Le lotus attire nos ancêtres lointains par son insolite aventure. Sa fleur éclot sur des eaux troubles et boueuses dès les premiers rayons de soleil et s’ouvre langoureusement en forme de couronne. Le soir venu, les pétales se replient et la fleur recroquevillée disparaît sous les eaux, en attente de réapparaître le lendemain pour recommencer son parcours. Les Égyptiens y voient le symbole du dieu Soleil en sa course infatigable. Les Hindous font émerger du bouton du lotus le principe créateur de l’univers, le Brahma. Attentif au fait exceptionnel que le lotus produit fleurs et graines en même temps, Bouddha voit dans cette coïncidence le mystère d’un univers qui commence à se développer au moment même où il apparaît.
Archétype de la naissance, de l’énergie vitale, de l’épanouissement et de la renaissance, le lotus représente en même temps la nécessité des plongées en abîme. Son retour dans les profondeurs sombres n’est-il pas la condition de son retour auroral ? Pour revenir à la surface des eaux, le lotus ne doit-il pas sombrer dans ses tréfonds ? Étrangères à nos tendances positivistes, les sagesses ancestrales nous initient à la fertilité des ténèbres. Plus précisément, elles nous rappellent la présence, dans nos cœurs et dans ce qui nous arrive, du bourbeux et du nocturne tout en nous livrant un secret. Le voici. Les ténèbres sont fertiles à condition d’être traversées – dès lors qu’elles sont traversées. Pour faire de ce secret un gouvernail de navigation, nos ancêtres se livraient au culte des puissances cosmiques, tantôt personnifiées et tantôt confondues avec l’univers.

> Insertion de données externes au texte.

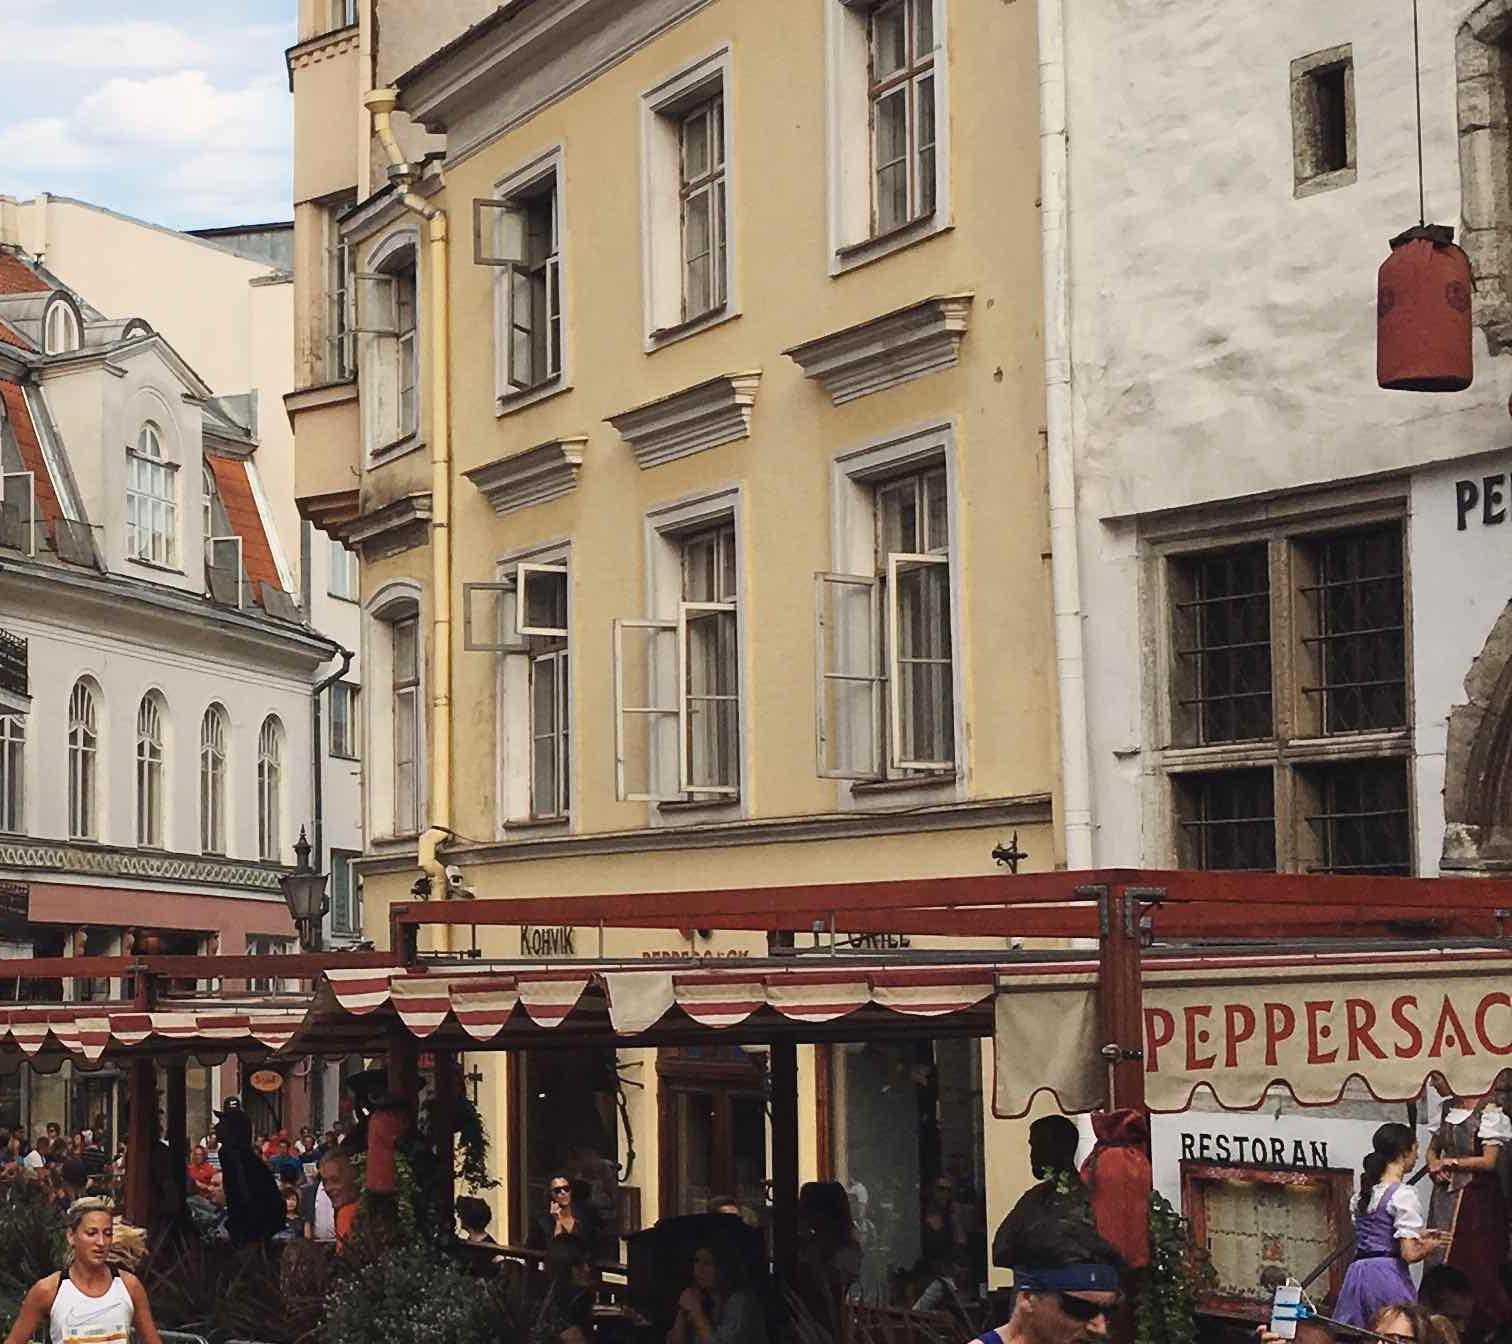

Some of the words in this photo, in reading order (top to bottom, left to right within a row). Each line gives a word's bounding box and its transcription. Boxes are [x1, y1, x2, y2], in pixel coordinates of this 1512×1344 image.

[1456, 473, 1512, 531] PE
[520, 925, 575, 955] KOHVIK
[1144, 992, 1512, 1073] PEPPERSAC
[1180, 1132, 1329, 1169] RESTORAN

La modernité nous a livrés à nous-mêmes. Plantés derrière nos écrans isolants dans un monde de plus en plus connecté, consommateurs de techniques et de pharmacies pour réduire notre stress, attendant les confirmations scientifiques pour croire à ce que des penseurs du monde entier avaient déjà intuitionné, nous sommes mal armés pour affronter l’obscur et le fangeux. Amateurs impatiens de spots et de néons, nous négligeons les symboles archétypiques qui font jaillir la lumière de la nuit. Mais comment accueillir les vieux symboles sans régresser mentalement ?
En faisant confiance en l’humanité lorsqu’elle était en osmose avec l’univers, perçu et respecté comme divin. En cueillant la vérité des mythes fondateurs, nés du cœur vibrant et non de la froide raison. En misant sur notre capacité personnelle de fleurir et refleurir à partir des eaux troubles, capacité énigmatiquement associée à la magie de la vie.